*What to produce*
Each entry must be printed again without a single change.

*Excerpted data*

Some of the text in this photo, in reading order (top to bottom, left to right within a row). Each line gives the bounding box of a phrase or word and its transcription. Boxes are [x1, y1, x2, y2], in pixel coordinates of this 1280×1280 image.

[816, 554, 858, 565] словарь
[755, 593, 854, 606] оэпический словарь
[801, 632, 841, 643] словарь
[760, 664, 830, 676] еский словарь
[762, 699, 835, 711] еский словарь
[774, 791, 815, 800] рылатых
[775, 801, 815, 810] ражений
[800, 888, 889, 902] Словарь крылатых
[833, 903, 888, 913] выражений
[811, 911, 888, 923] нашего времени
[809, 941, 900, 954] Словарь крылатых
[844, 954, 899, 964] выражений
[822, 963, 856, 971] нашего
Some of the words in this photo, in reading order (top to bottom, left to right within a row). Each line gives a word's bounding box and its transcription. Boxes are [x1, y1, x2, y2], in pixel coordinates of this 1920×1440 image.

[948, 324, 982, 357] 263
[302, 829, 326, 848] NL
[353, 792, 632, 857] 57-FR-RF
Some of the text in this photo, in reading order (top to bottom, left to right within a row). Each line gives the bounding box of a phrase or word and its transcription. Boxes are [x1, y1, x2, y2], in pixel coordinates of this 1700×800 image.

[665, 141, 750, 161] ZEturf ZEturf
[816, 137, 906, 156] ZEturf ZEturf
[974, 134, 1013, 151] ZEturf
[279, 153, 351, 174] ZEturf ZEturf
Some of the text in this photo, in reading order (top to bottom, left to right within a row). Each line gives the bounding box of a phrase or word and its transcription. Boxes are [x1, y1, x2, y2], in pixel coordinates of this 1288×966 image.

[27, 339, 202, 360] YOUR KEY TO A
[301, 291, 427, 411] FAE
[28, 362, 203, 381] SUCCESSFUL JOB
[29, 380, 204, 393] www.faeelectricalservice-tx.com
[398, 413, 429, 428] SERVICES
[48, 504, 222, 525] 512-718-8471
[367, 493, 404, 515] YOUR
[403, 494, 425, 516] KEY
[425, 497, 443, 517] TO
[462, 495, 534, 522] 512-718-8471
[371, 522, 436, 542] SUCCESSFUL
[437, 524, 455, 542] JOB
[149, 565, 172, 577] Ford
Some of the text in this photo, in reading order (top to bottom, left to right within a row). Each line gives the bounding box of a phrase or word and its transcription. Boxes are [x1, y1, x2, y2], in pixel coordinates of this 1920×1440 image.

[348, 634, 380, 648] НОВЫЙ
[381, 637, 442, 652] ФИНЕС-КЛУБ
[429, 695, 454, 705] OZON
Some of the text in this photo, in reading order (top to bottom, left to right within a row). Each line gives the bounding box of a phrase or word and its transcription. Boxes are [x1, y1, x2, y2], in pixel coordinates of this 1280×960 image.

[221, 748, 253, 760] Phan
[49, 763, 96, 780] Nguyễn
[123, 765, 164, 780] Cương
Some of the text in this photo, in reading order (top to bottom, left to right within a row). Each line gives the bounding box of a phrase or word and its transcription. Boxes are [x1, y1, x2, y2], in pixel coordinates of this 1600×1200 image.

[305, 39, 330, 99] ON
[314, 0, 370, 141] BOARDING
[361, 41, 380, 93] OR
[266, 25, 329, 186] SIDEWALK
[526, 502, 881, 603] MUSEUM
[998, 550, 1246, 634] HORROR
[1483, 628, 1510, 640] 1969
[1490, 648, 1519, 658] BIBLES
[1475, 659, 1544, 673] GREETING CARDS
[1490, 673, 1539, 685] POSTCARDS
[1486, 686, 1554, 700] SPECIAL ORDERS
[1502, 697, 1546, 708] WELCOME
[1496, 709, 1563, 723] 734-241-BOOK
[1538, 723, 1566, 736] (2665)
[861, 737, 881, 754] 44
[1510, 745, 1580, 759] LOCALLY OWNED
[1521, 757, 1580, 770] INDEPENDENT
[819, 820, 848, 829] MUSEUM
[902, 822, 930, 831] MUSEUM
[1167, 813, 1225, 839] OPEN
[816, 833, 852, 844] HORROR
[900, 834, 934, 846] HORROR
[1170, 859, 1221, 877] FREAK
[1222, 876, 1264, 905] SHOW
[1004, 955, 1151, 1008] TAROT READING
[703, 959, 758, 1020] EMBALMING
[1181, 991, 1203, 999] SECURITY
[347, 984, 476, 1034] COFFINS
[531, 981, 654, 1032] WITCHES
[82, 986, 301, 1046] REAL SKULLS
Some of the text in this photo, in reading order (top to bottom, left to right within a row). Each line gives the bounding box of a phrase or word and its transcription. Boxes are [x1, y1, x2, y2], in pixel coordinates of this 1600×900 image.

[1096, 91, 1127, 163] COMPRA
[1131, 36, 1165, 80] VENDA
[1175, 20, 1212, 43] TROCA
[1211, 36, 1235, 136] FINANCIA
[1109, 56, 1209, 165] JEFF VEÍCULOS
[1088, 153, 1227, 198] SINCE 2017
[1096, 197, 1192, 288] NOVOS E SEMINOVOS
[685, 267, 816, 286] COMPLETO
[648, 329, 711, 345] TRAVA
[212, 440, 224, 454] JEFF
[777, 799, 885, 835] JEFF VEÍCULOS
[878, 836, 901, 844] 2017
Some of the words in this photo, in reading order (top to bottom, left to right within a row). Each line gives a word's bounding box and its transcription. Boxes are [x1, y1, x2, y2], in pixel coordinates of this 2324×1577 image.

*Task response*
Some of the text in this photo, in reading order (top to bottom, left to right within a row). Each line gives the bounding box of a phrase or word and its transcription. Boxes are [x1, y1, x2, y2], in pixel coordinates of this 1280×1280 image.

[816, 554, 858, 565] словарь
[755, 593, 854, 606] оэпический словарь
[801, 632, 841, 643] словарь
[760, 664, 830, 676] еский словарь
[762, 699, 835, 711] еский словарь
[774, 791, 815, 800] рылатых
[775, 801, 815, 810] ражений
[800, 888, 889, 902] Словарь крылатых
[833, 903, 888, 913] выражений
[811, 911, 888, 923] нашего времени
[809, 941, 900, 954] Словарь крылатых
[844, 954, 899, 964] выражений
[822, 963, 856, 971] нашего
Some of the words in this photo, in reading order (top to bottom, left to right within a row). Each line gives a word's bounding box and its transcription. Boxes are [x1, y1, x2, y2], in pixel coordinates of this 1920×1440 image.

[948, 324, 982, 357] 263
[302, 829, 326, 848] NL
[353, 792, 632, 857] 57-FR-RF
Some of the text in this photo, in reading order (top to bottom, left to right within a row). Each line gives the bounding box of a phrase or word and its transcription. Boxes are [x1, y1, x2, y2], in pixel coordinates of this 1700×800 image.

[665, 141, 750, 161] ZEturf ZEturf
[816, 137, 906, 156] ZEturf ZEturf
[974, 134, 1013, 151] ZEturf
[279, 153, 351, 174] ZEturf ZEturf
Some of the text in this photo, in reading order (top to bottom, left to right within a row). Each line gives the bounding box of a phrase or word and its transcription. Boxes are [x1, y1, x2, y2], in pixel coordinates of this 1288×966 image.

[27, 339, 202, 360] YOUR KEY TO A
[301, 291, 427, 411] FAE
[28, 362, 203, 381] SUCCESSFUL JOB
[29, 380, 204, 393] www.faeelectricalservice-tx.com
[398, 413, 429, 428] SERVICES
[48, 504, 222, 525] 512-718-8471
[367, 493, 404, 515] YOUR
[403, 494, 425, 516] KEY
[425, 497, 443, 517] TO
[462, 495, 534, 522] 512-718-8471
[371, 522, 436, 542] SUCCESSFUL
[437, 524, 455, 542] JOB
[149, 565, 172, 577] Ford
Some of the text in this photo, in reading order (top to bottom, left to right within a row). Each line gives the bounding box of a phrase or word and its transcription. Boxes are [x1, y1, x2, y2], in pixel coordinates of this 1920×1440 image.

[348, 634, 380, 648] НОВЫЙ
[381, 637, 442, 652] ФИНЕС-КЛУБ
[429, 695, 454, 705] OZON
Some of the text in this photo, in reading order (top to bottom, left to right within a row). Each line gives the bounding box of a phrase or word and its transcription. Boxes are [x1, y1, x2, y2], in pixel coordinates of this 1280×960 image.

[221, 748, 253, 760] Phan
[49, 763, 96, 780] Nguyễn
[123, 765, 164, 780] Cương
Some of the text in this photo, in reading order (top to bottom, left to right within a row). Each line gives the bounding box of a phrase or word and its transcription. Boxes are [x1, y1, x2, y2], in pixel coordinates of this 1600×1200 image.

[305, 39, 330, 99] ON
[314, 0, 370, 141] BOARDING
[361, 41, 380, 93] OR
[266, 25, 329, 186] SIDEWALK
[526, 502, 881, 603] MUSEUM
[998, 550, 1246, 634] HORROR
[1483, 628, 1510, 640] 1969
[1490, 648, 1519, 658] BIBLES
[1475, 659, 1544, 673] GREETING CARDS
[1490, 673, 1539, 685] POSTCARDS
[1486, 686, 1554, 700] SPECIAL ORDERS
[1502, 697, 1546, 708] WELCOME
[1496, 709, 1563, 723] 734-241-BOOK
[1538, 723, 1566, 736] (2665)
[861, 737, 881, 754] 44
[1510, 745, 1580, 759] LOCALLY OWNED
[1521, 757, 1580, 770] INDEPENDENT
[819, 820, 848, 829] MUSEUM
[902, 822, 930, 831] MUSEUM
[1167, 813, 1225, 839] OPEN
[816, 833, 852, 844] HORROR
[900, 834, 934, 846] HORROR
[1170, 859, 1221, 877] FREAK
[1222, 876, 1264, 905] SHOW
[1004, 955, 1151, 1008] TAROT READING
[703, 959, 758, 1020] EMBALMING
[1181, 991, 1203, 999] SECURITY
[347, 984, 476, 1034] COFFINS
[531, 981, 654, 1032] WITCHES
[82, 986, 301, 1046] REAL SKULLS
Some of the text in this photo, in reading order (top to bottom, left to right within a row). Each line gives the bounding box of a phrase or word and its transcription. Boxes are [x1, y1, x2, y2], in pixel coordinates of this 1600×900 image.

[1096, 91, 1127, 163] COMPRA
[1131, 36, 1165, 80] VENDA
[1175, 20, 1212, 43] TROCA
[1211, 36, 1235, 136] FINANCIA
[1109, 56, 1209, 165] JEFF VEÍCULOS
[1088, 153, 1227, 198] SINCE 2017
[1096, 197, 1192, 288] NOVOS E SEMINOVOS
[685, 267, 816, 286] COMPLETO
[648, 329, 711, 345] TRAVA
[212, 440, 224, 454] JEFF
[777, 799, 885, 835] JEFF VEÍCULOS
[878, 836, 901, 844] 2017
Some of the words in this photo, in reading order (top to bottom, left to right within a row). Each line gives a word's bounding box and its transcription. Boxes are [x1, y1, x2, y2], in pixel coordinates of this 2324×1577 image.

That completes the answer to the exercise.